Problem details: For every record below, repeat the text exactly and pass over any image.

Dataset items:
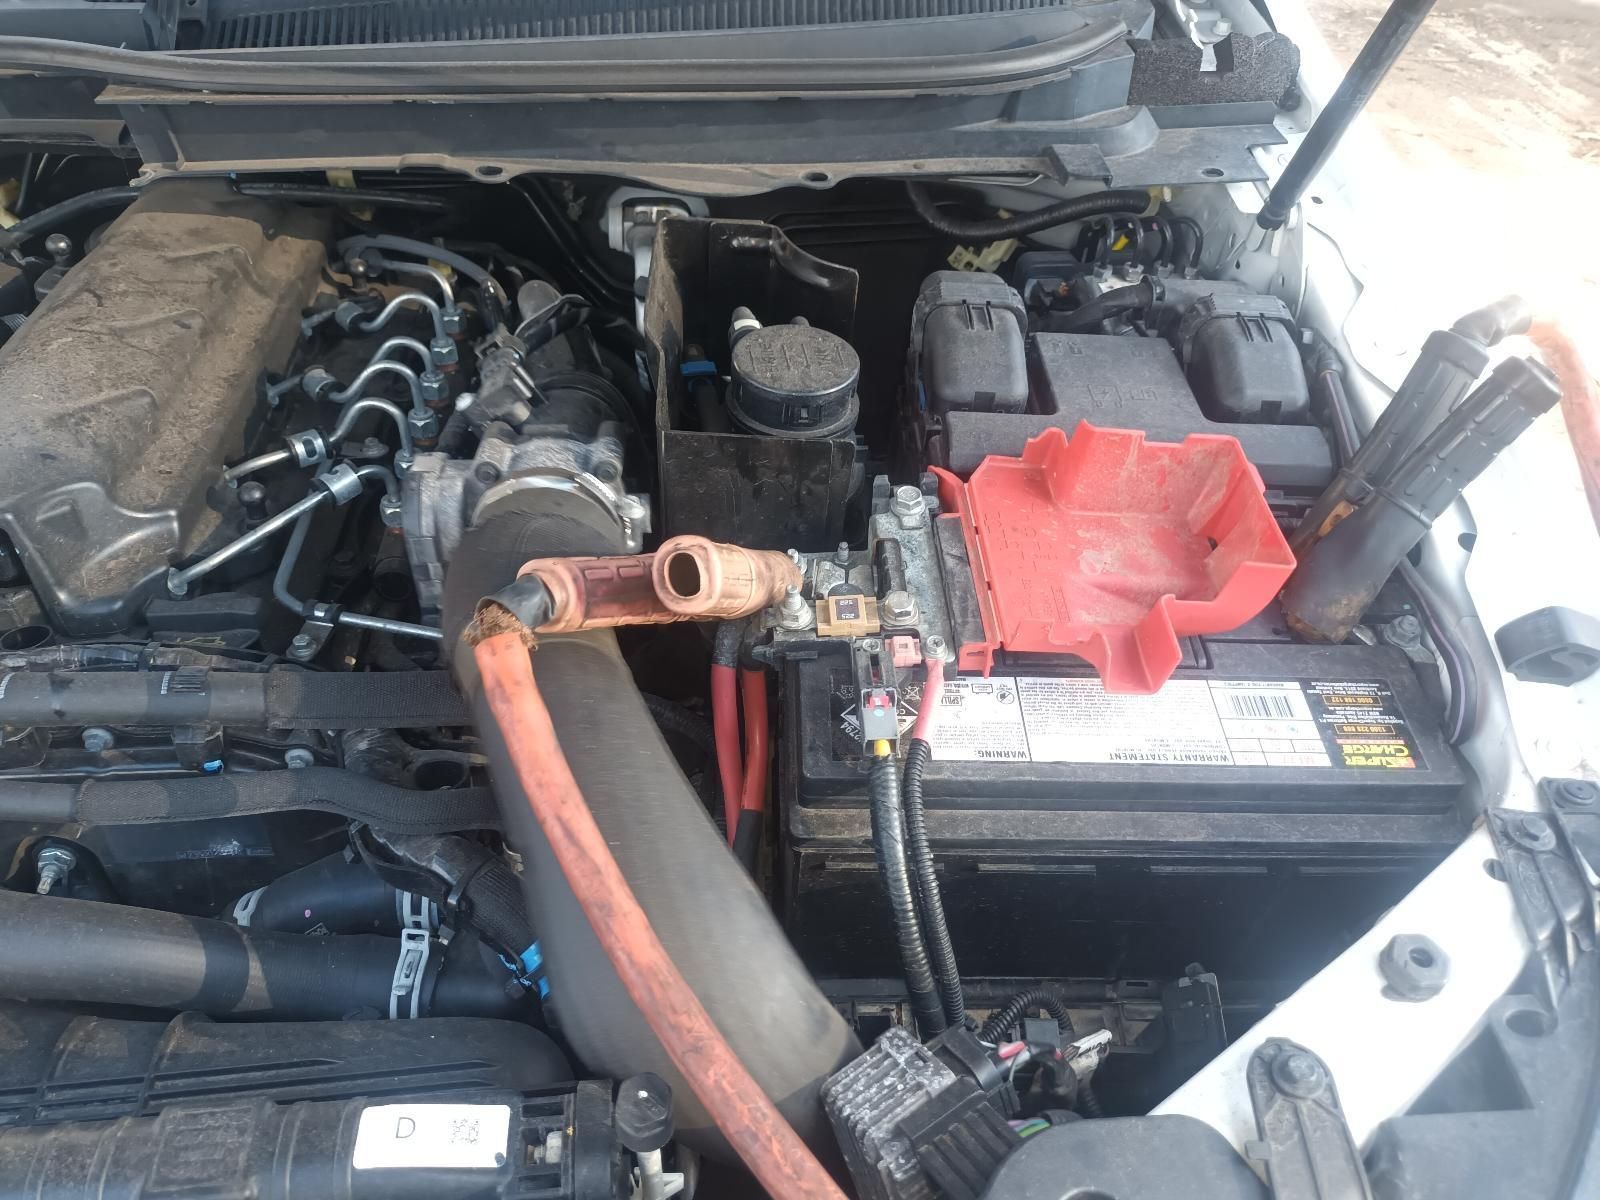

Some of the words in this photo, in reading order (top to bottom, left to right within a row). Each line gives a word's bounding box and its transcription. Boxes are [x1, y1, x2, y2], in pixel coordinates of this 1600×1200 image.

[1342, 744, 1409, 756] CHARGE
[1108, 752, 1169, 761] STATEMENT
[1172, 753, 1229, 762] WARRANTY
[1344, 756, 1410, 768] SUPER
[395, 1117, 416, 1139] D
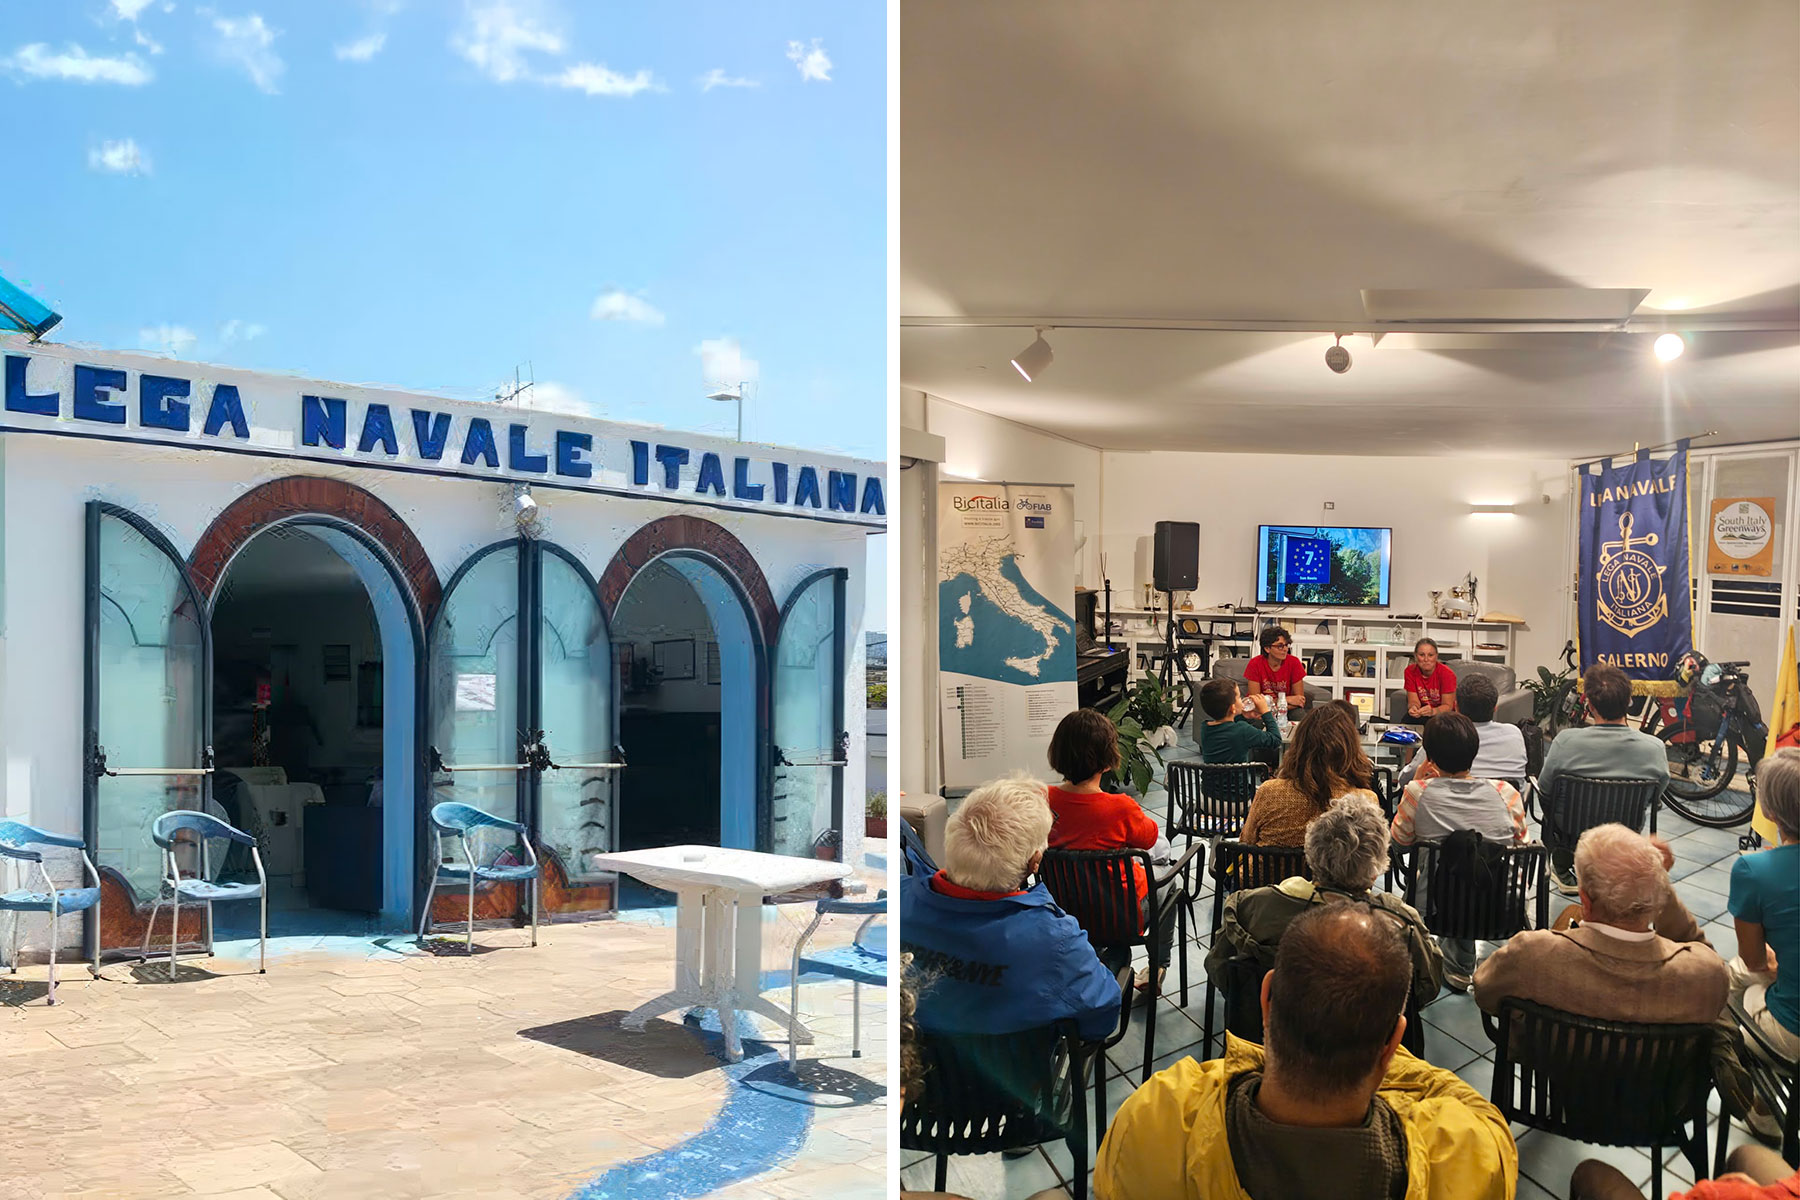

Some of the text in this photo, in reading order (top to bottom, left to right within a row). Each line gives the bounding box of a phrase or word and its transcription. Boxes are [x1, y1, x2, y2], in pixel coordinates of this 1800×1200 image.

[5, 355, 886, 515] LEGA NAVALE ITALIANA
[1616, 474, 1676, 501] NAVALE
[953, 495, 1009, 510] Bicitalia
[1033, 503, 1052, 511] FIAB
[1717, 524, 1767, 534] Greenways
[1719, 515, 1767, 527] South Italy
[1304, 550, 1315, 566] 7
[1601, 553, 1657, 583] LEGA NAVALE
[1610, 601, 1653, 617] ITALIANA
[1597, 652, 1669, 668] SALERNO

Written answer:
Some of the words in this photo, in reading order (top to bottom, left to right within a row). Each line gives a word's bounding box and its transcription. Boxes are [x1, y1, x2, y2], in pixel coordinates of this 1600×1200 image.

[1342, 744, 1409, 756] CHARGE
[1108, 752, 1169, 761] STATEMENT
[1172, 753, 1229, 762] WARRANTY
[1344, 756, 1410, 768] SUPER
[395, 1117, 416, 1139] D

Some of the text in this photo, in reading order (top to bottom, left to right within a row). Each line gives the bounding box of a phrase or word and its transcription. Boxes are [x1, y1, x2, y2], in pixel coordinates of this 1800×1200 image.

[5, 355, 886, 515] LEGA NAVALE ITALIANA
[1616, 474, 1676, 501] NAVALE
[953, 495, 1009, 510] Bicitalia
[1033, 503, 1052, 511] FIAB
[1717, 524, 1767, 534] Greenways
[1719, 515, 1767, 527] South Italy
[1304, 550, 1315, 566] 7
[1601, 553, 1657, 583] LEGA NAVALE
[1610, 601, 1653, 617] ITALIANA
[1597, 652, 1669, 668] SALERNO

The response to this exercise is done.